Inositol phosphate (IP), inositol bisphosphate (IP2) and inositol trisphosphate (IP3) in cultured bovine retinal capillary pericytes (BRCP) were quantitated by an ion-pair reverse-phase HPLC. BRCP were grown in media with standard (5 mM) or high (30 mM) glucose, and were either labeled with myo-[2-3H]inositol (20 microCi ml-1) for 60 hr or with dual isotopes (20 microCi ml-1 myo-[2-3H]inositol and 2 microCi ml-1 [14C]glycerol) for 8 hr. In parallel, BRCP in different glucose-media were incubated with 1 microCi ml-1 [3H]thymidine for 4 hr. High glucose significantly suppressed the accumulation of [3H]label in IP, IP2 and IP3, and specifically reduced the incorporation of [14C]glycerol into inositol phospholipids, but not that of neutral lipids and other types of phospholipids. The reduced IP3 level correlated with the decrease in the incorporation of [3H]thymidine into DNA. Both the reduced IP3 formation and DNA synthesis which were induced by high glucose were significantly reversed by adding either myo-inositol or AL1576, an aldose reductase inhibitor (ARI).
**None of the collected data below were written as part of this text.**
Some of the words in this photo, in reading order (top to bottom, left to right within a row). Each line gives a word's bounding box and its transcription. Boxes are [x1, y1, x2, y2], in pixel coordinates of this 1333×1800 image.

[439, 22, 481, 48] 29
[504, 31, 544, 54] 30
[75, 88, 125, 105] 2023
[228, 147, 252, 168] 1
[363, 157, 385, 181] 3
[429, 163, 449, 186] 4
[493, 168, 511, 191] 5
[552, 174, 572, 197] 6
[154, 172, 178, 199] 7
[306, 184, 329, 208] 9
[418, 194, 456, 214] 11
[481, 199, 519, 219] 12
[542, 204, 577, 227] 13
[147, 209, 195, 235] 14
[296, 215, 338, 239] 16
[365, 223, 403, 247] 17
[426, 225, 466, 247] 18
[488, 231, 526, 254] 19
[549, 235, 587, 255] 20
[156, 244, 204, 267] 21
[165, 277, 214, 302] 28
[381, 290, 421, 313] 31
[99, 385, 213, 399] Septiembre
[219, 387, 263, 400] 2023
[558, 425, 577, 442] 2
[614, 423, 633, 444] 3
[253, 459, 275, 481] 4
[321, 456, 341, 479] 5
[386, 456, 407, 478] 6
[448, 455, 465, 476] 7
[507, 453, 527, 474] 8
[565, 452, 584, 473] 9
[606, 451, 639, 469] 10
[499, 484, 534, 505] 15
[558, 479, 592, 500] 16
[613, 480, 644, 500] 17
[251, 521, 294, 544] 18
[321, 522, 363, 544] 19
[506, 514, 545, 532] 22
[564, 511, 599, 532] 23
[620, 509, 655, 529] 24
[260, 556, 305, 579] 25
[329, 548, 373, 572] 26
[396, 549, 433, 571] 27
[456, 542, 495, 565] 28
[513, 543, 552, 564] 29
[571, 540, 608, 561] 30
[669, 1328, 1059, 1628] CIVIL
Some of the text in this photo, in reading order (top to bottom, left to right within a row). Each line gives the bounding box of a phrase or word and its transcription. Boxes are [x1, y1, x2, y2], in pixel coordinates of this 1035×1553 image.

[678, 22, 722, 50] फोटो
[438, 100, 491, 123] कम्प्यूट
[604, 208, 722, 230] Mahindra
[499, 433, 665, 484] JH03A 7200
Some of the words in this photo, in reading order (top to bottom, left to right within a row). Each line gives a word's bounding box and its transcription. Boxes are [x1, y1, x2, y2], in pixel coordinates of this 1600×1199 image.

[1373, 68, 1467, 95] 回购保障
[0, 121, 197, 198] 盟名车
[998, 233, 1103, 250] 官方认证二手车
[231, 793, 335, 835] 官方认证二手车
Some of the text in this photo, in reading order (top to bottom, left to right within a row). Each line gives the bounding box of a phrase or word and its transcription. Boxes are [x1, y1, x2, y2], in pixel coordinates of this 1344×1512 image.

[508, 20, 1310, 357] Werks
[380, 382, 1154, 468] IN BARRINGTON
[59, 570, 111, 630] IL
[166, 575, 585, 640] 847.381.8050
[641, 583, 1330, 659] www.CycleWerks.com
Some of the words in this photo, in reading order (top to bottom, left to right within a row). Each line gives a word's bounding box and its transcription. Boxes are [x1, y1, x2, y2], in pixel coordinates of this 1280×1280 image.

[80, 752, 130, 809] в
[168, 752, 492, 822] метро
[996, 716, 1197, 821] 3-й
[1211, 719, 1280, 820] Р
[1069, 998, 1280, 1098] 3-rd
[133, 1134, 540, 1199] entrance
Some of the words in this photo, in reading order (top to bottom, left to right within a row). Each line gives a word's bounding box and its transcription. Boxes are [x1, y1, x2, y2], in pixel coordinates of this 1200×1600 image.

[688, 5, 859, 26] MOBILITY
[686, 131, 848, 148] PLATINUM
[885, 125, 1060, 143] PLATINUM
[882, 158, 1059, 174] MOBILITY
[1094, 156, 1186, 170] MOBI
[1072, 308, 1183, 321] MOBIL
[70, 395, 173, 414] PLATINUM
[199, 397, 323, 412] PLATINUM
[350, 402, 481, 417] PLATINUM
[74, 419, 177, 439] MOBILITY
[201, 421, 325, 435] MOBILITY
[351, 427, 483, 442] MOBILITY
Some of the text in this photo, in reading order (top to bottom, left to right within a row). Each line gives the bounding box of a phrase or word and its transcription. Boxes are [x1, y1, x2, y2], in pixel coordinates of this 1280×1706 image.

However, the addition of neither myo-inositol nor ARI stimulated IP3 formation and/or DNA synthesis when BRCP were grown in the standard medium (5 mM glucose). These findings indicate that myo-inositol metabolism and the polyol pathway affect inositol phospholipid-mediated pericyte division in vitro only under the high-glucose condition. These data are compatible with the hypothesis that altered inositol phospholipid metabolism accounts for the loss of pericytes in diabetic retinopathy.